Recorded data
-- Opening Marker --
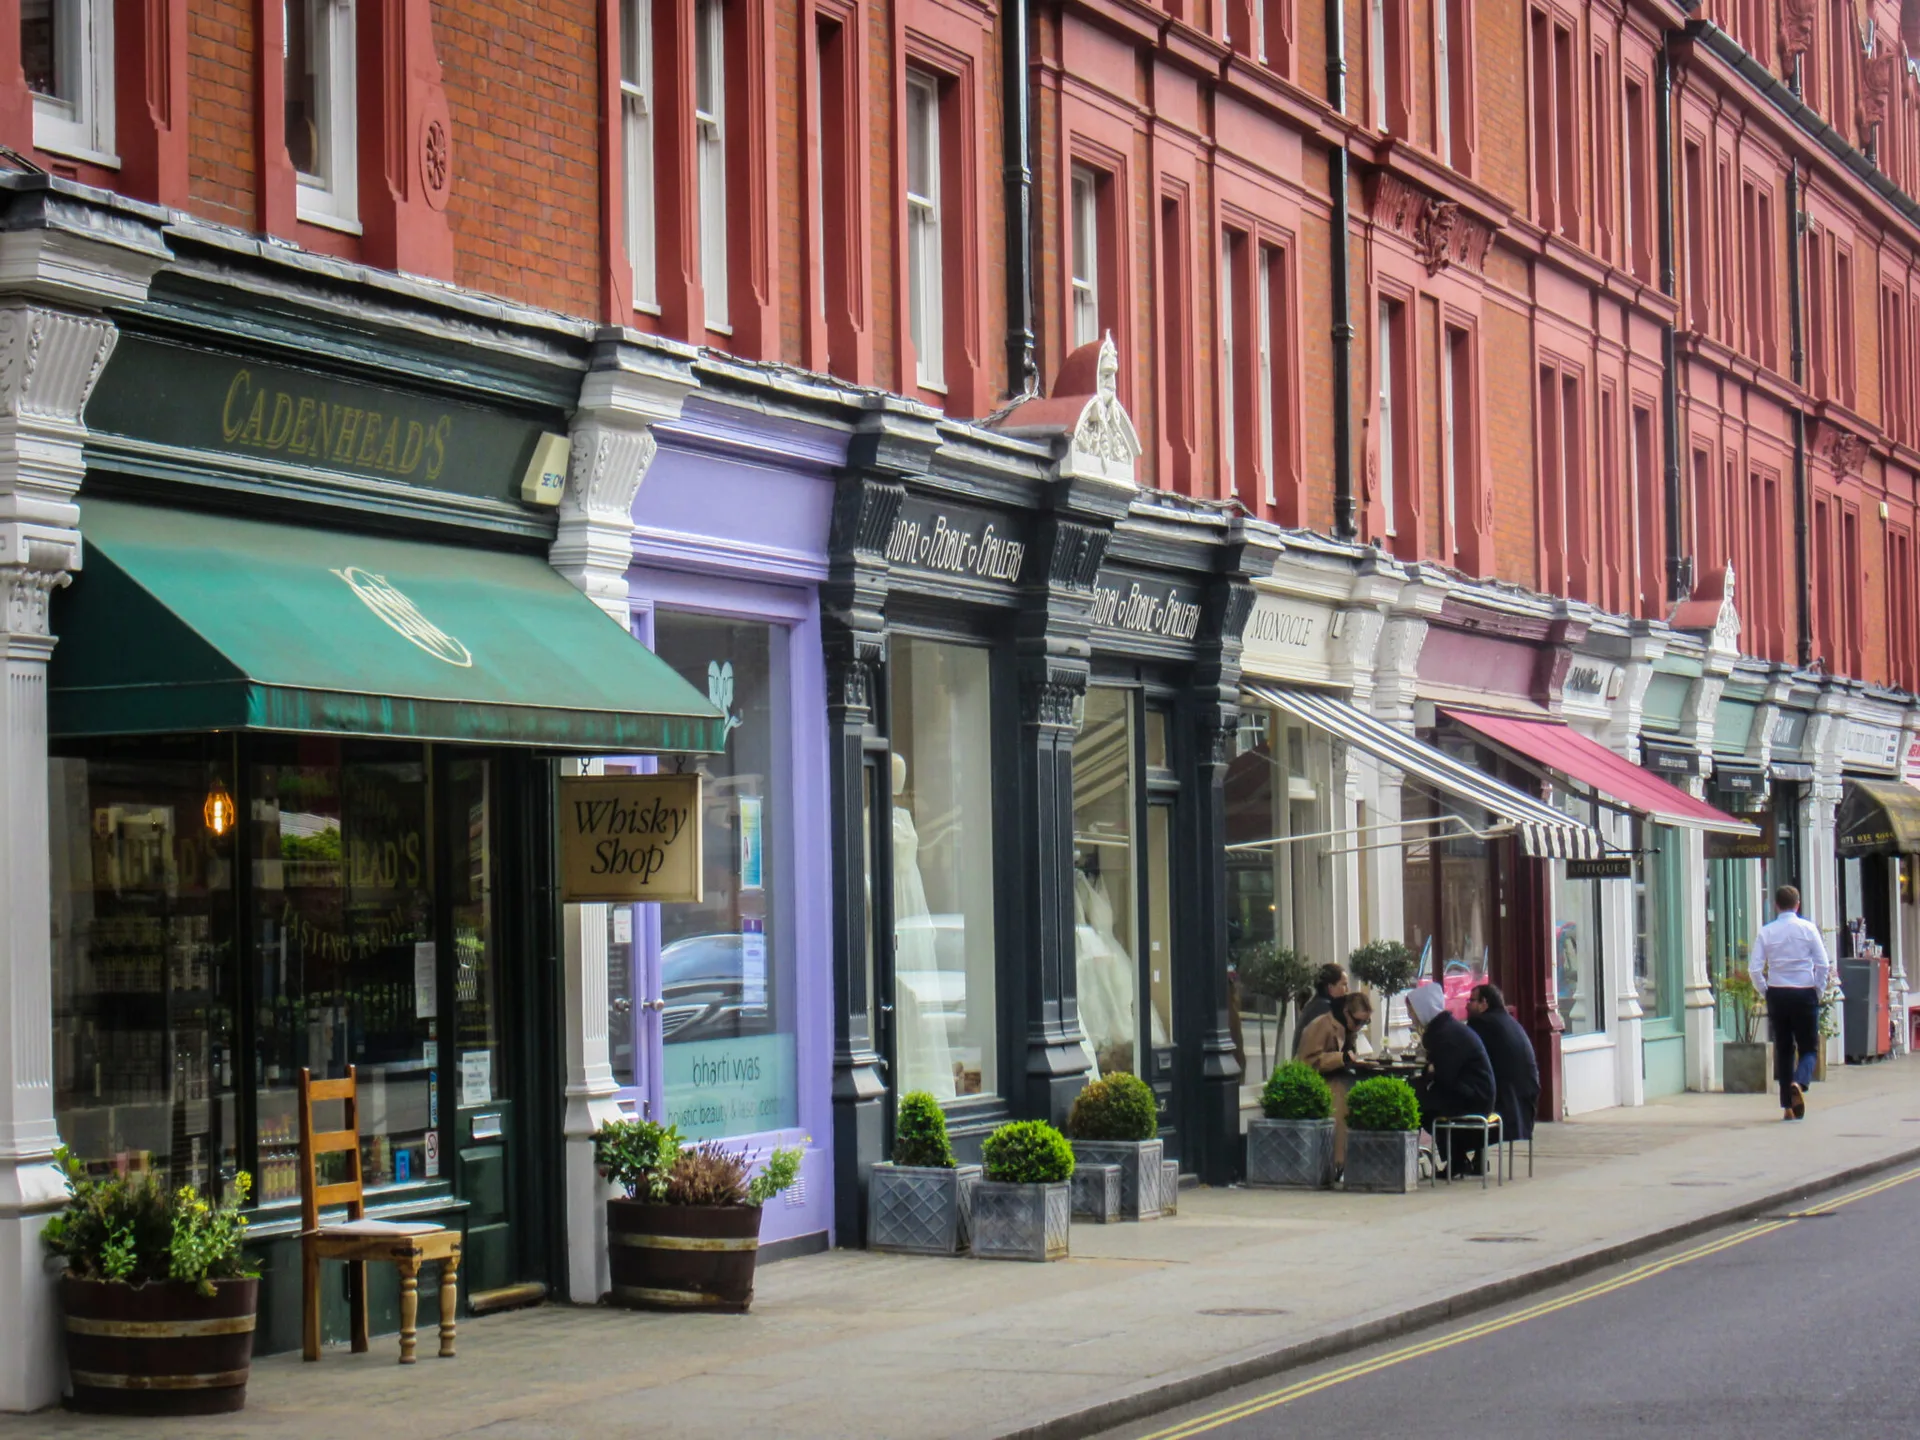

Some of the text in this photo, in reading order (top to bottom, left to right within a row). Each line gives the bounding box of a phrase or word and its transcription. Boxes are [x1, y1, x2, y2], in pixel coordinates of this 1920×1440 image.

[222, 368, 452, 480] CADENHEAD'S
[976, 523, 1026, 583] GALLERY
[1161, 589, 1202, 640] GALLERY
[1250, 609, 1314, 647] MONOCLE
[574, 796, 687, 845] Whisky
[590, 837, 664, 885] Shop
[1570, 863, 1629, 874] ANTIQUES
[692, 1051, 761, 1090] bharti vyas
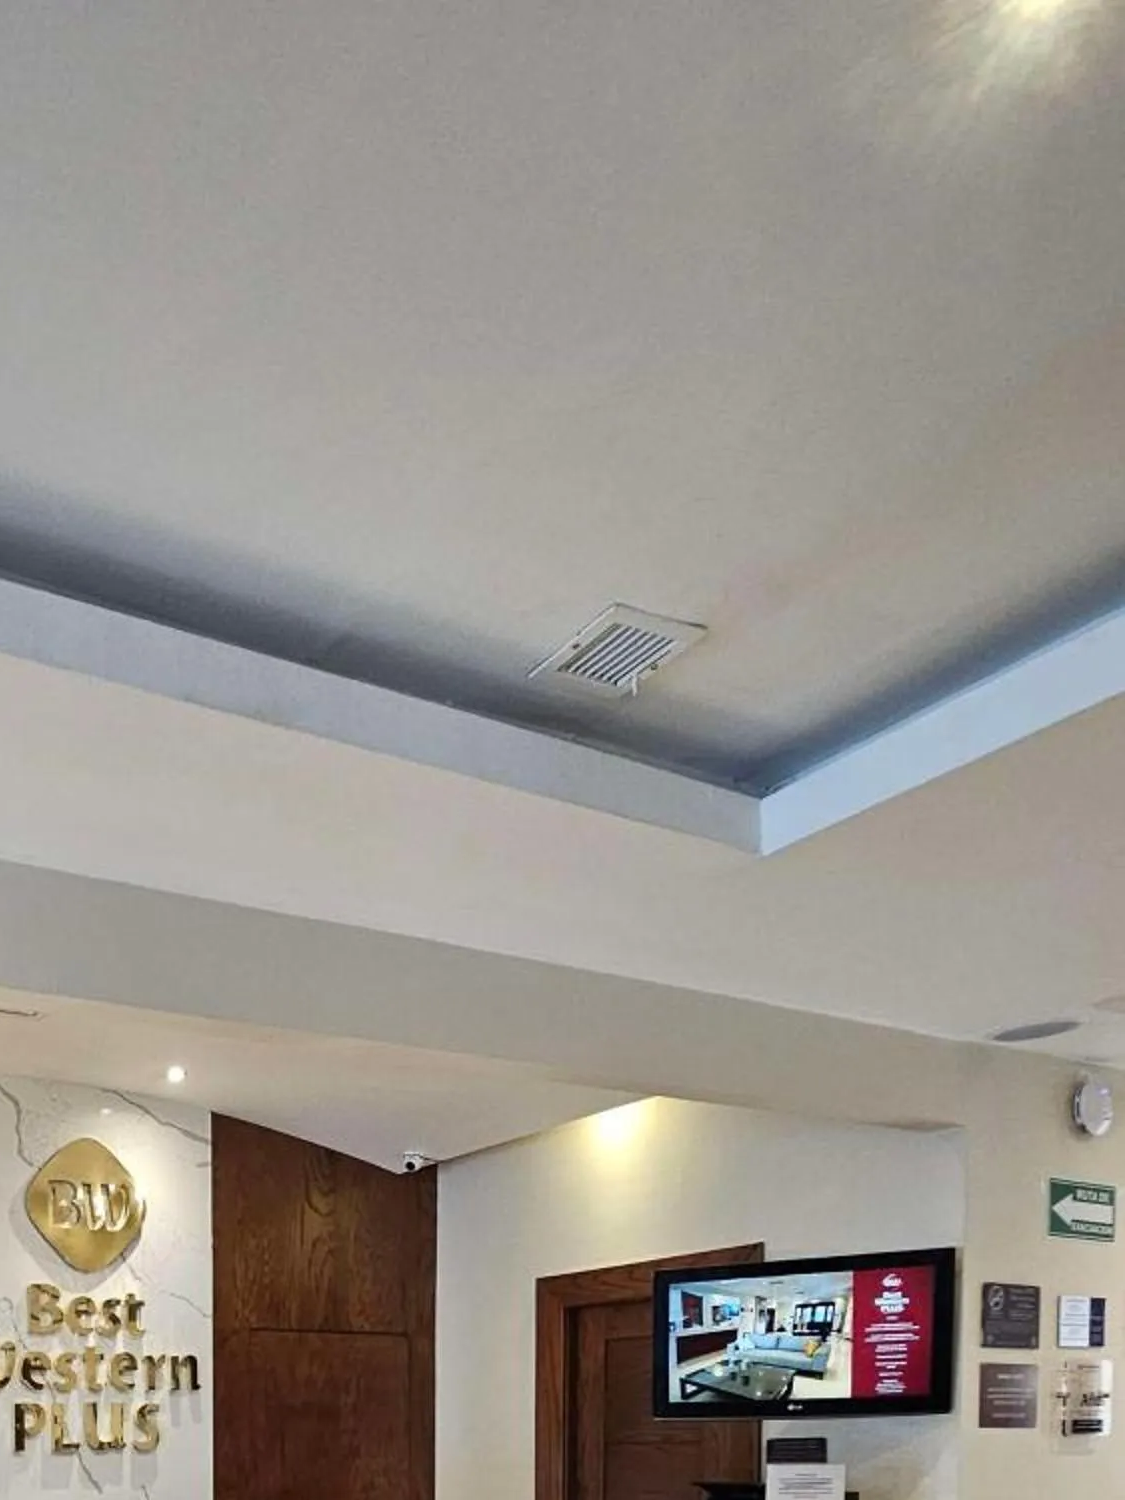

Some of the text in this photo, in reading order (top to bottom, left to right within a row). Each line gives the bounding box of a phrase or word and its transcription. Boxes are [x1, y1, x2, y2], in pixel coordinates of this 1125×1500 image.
-- Closing Marker --
• [Aim of the task]: Repeat every entry exactly. Do not include the pictures.

• [Solution to the problem]:
Some of the text in this photo, in reading order (top to bottom, left to right within a row). Each line gives the bounding box of a phrase or word and its transcription. Boxes are [x1, y1, x2, y2], in pixel coordinates of this 1920×1440 image.

[222, 368, 452, 480] CADENHEAD'S
[976, 523, 1026, 583] GALLERY
[1161, 589, 1202, 640] GALLERY
[1250, 609, 1314, 647] MONOCLE
[574, 796, 687, 845] Whisky
[590, 837, 664, 885] Shop
[1570, 863, 1629, 874] ANTIQUES
[692, 1051, 761, 1090] bharti vyas

Some of the text in this photo, in reading order (top to bottom, left to right within a row). Each line gives the bounding box of a phrase or word and its transcription. Boxes are [x1, y1, x2, y2], in pixel coordinates of this 1125×1500 image.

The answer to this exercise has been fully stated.